Hab ein LattisHub 2803 gekauft. Das Gerät ist leider noch mit den Einstellungen des Vorbesitzers konfiguriert. Wie kann ich die Konfig löschen?

Hat jemand die Belegung des Consolen-Kabels

Vielen Dank für eure Hilfe.

MFG
big-birdy


----------



## Radhad (31. August 2004)

Ich kenne keinen Hub den man konfigurieren könnte! Denn ein Hub schickt eigentlich nur alle Daten, er empfängt, an alle angeschlossenen Rechner.

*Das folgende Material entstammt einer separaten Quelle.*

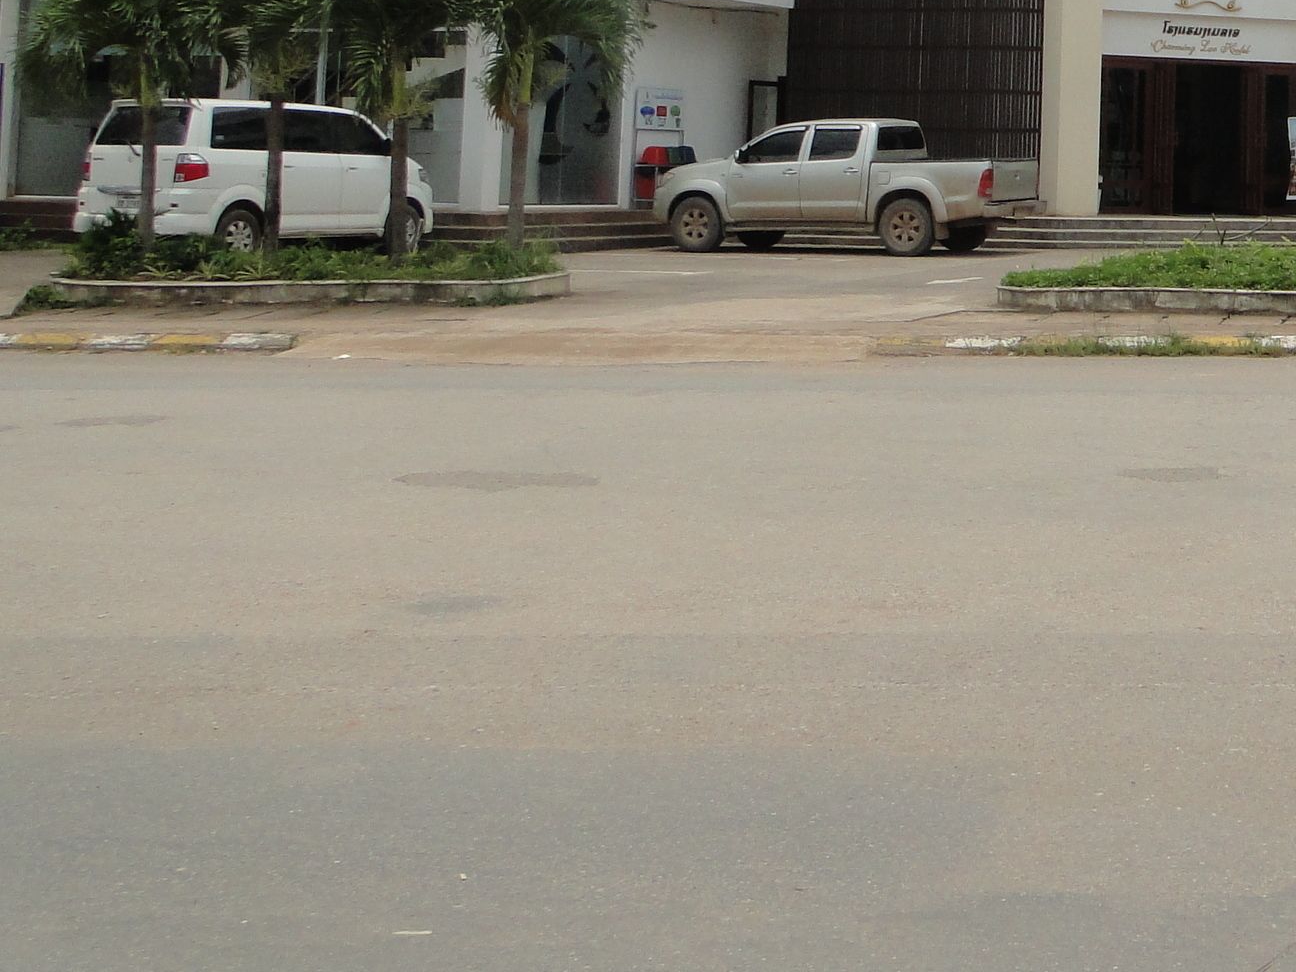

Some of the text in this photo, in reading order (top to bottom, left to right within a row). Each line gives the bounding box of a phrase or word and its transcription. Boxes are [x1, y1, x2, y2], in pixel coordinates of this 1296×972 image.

[1151, 39, 1253, 56] Charming Lao Hotel

Da gibt es kein WebInterface oder so wo man etwas einstellen kann.


----------



## fluessig (31. August 2004)

Schau mal hier vorbei
http://www.nortelnetworks.com -> Support -> Manufacture Discontinued
-> System 2000 Ethernet Hubs: Documentation
//edit: das war ein google Zitat, die Seite wurde schon geändert. Wenn du auf der Seite Lattishub 2803 suchst, dann findest du die Dokumentation. Irgendwo dort findest du vielleicht noch die Antwort. Wenn du Englisch kannst, dann sieh dir mal das an google sagt 
Alles was du erfahren wirst ist aber wie Radhad bereits geschrieben hat.  Es ist nur ein Hub, da ist kein Programm dabei. Eine Verteilersteckdose musst du ja auch nicht konfigurieren.


----------